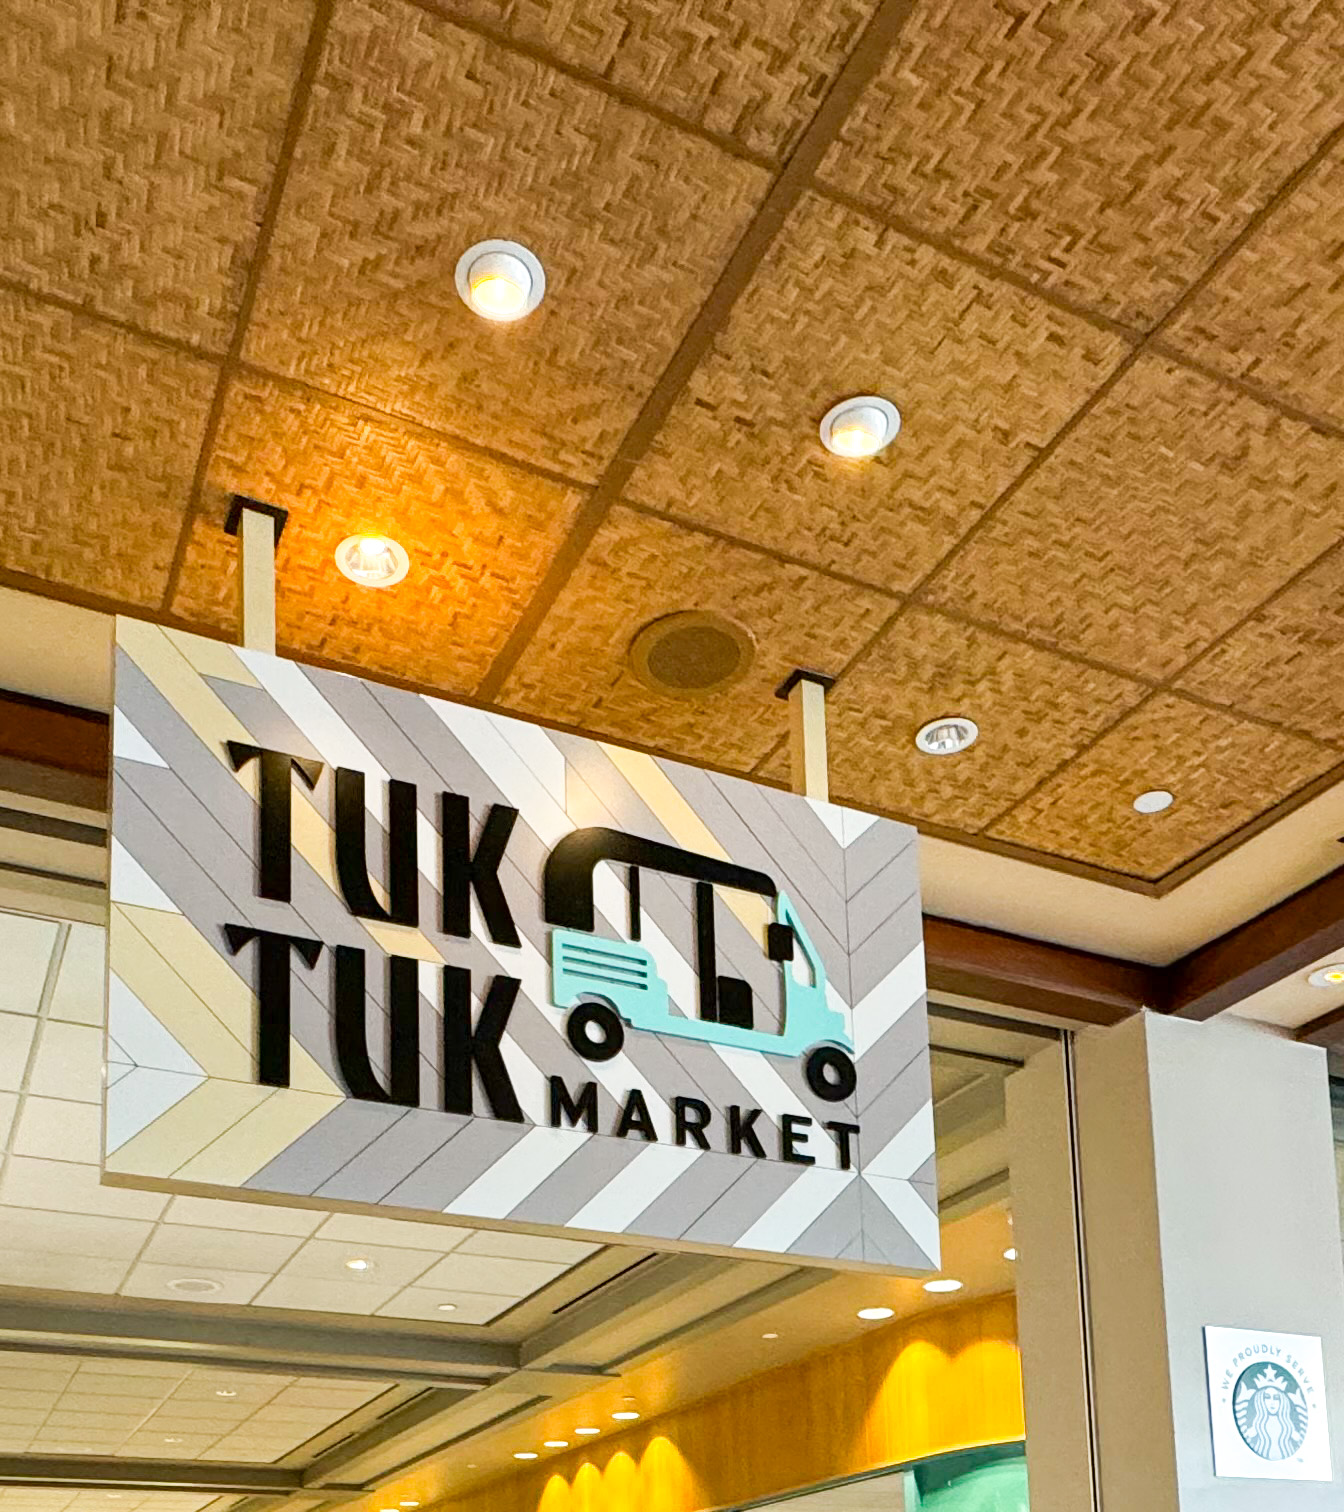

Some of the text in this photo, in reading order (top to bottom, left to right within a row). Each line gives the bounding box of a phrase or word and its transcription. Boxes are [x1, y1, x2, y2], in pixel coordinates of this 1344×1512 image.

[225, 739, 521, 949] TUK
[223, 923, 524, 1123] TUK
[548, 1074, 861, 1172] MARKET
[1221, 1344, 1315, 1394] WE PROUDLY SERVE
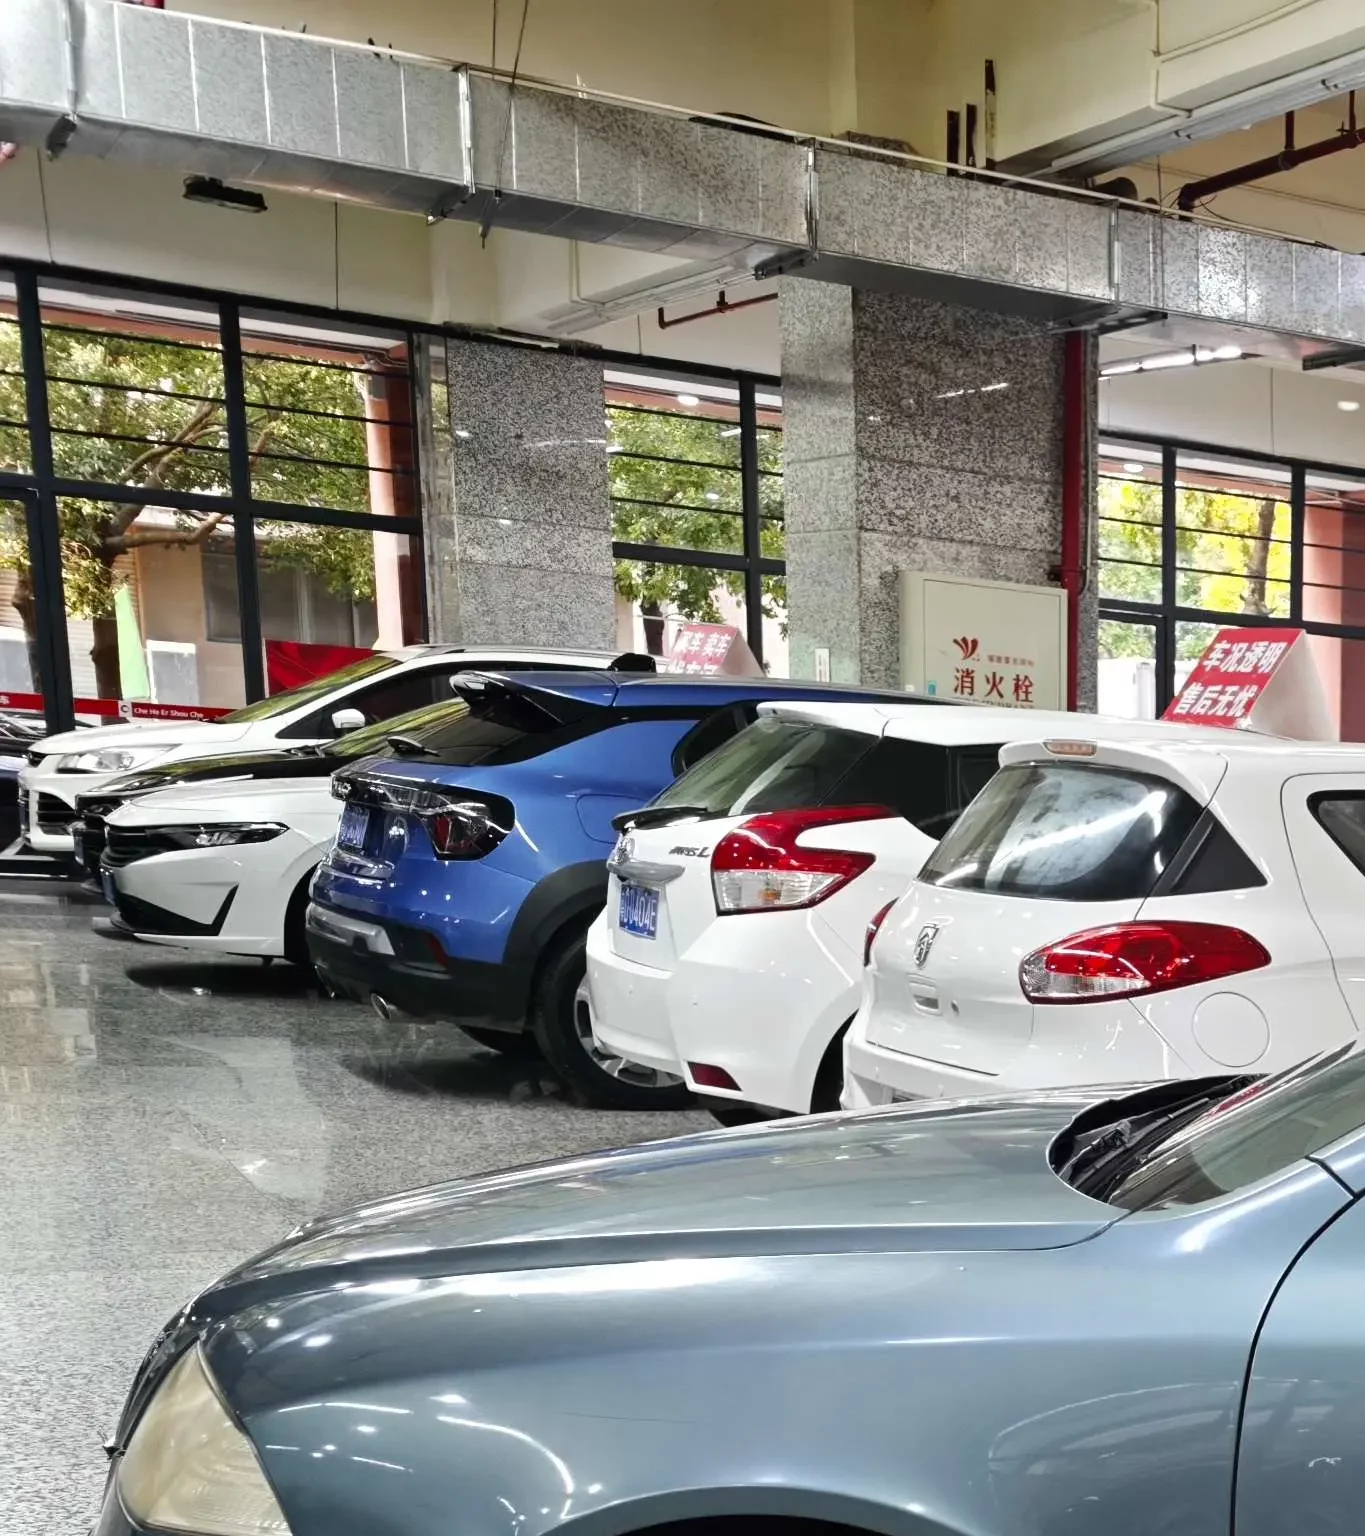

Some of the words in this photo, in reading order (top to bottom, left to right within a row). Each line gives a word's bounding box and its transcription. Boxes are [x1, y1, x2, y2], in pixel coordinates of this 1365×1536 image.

☆ ☆ ☆ ☆ ☆ ☆ ☆

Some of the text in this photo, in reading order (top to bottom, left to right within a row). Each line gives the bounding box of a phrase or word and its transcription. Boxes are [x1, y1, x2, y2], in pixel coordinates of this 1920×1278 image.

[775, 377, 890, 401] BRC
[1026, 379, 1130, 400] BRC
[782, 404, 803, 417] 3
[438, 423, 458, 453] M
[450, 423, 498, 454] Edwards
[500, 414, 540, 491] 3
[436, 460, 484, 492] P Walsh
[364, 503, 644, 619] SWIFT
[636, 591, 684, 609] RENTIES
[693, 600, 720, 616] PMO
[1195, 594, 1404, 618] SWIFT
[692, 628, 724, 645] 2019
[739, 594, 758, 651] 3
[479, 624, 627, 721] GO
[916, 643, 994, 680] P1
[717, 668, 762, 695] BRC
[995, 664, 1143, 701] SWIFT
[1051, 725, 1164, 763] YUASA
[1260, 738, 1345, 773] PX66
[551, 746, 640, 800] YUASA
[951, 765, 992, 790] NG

☆ ☆ ☆ ☆ ☆ ☆ ☆

## Work order
Using the listing above, restate exactly the range between the lines holding "this 1344×1512 image." and "Some of the words", inclusive, with pictures left out.

## Answer area
Some of the text in this photo, in reading order (top to bottom, left to right within a row). Each line gives the bounding box of a phrase or word and its transcription. Boxes are [x1, y1, x2, y2], in pixel coordinates of this 1344×1512 image.

[225, 739, 521, 949] TUK
[223, 923, 524, 1123] TUK
[548, 1074, 861, 1172] MARKET
[1221, 1344, 1315, 1394] WE PROUDLY SERVE

Some of the words in this photo, in reading order (top to bottom, left to right within a row). Each line gives a word's bounding box and its transcription. Boxes are [x1, y1, x2, y2], in pixel coordinates of this 1365×1536 image.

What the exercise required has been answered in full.